##### INFORMATION SHOWN #####

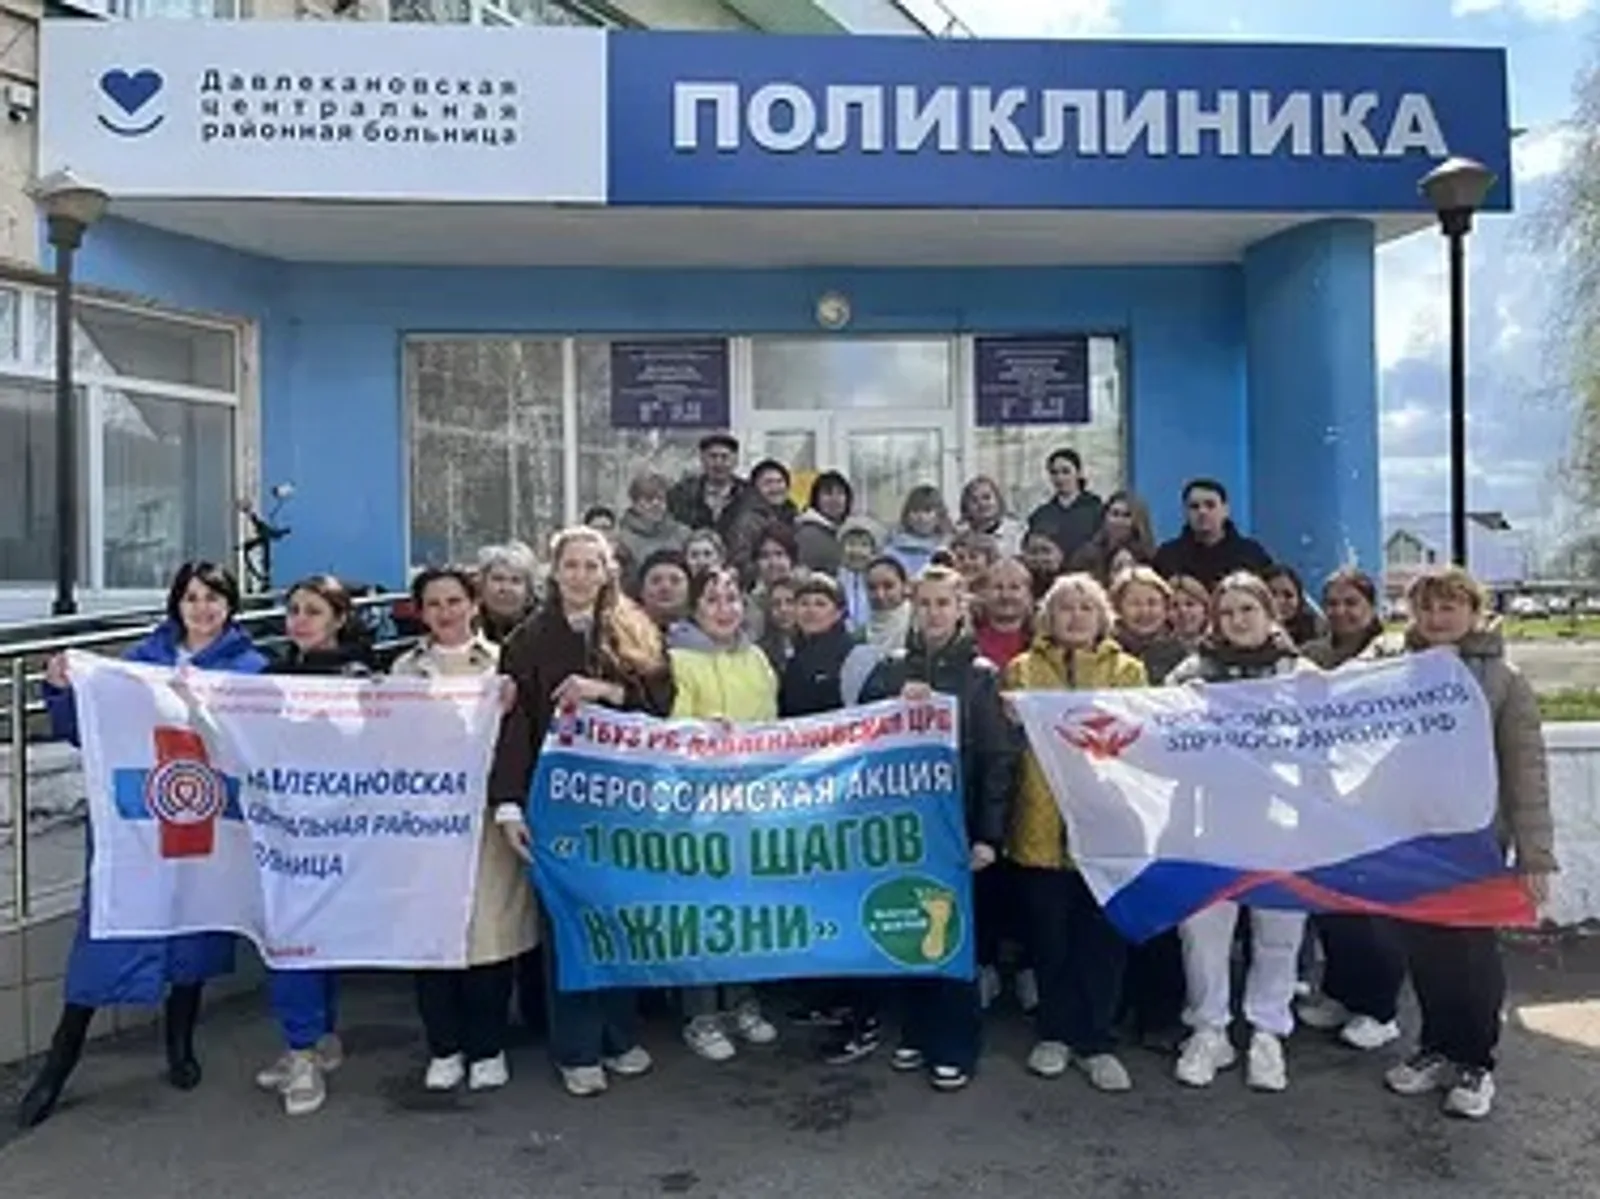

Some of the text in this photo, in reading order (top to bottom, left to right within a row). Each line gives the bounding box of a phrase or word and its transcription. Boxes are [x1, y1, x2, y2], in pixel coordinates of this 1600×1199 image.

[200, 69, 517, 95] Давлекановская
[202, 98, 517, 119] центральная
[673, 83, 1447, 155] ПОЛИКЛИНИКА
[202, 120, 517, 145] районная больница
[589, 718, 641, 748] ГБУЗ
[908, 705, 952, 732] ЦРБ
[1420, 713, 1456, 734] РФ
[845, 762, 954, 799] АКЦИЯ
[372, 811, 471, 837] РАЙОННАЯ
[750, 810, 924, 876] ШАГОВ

#####

WORK REQUIRED: What you produce should repeat the data word for word while omitting all images.

RESULT:
Some of the text in this photo, in reading order (top to bottom, left to right within a row). Each line gives the bounding box of a phrase or word and its transcription. Boxes are [x1, y1, x2, y2], in pixel coordinates of this 1600×1199 image.

[200, 69, 517, 95] Давлекановская
[202, 98, 517, 119] центральная
[673, 83, 1447, 155] ПОЛИКЛИНИКА
[202, 120, 517, 145] районная больница
[589, 718, 641, 748] ГБУЗ
[908, 705, 952, 732] ЦРБ
[1420, 713, 1456, 734] РФ
[845, 762, 954, 799] АКЦИЯ
[372, 811, 471, 837] РАЙОННАЯ
[750, 810, 924, 876] ШАГОВ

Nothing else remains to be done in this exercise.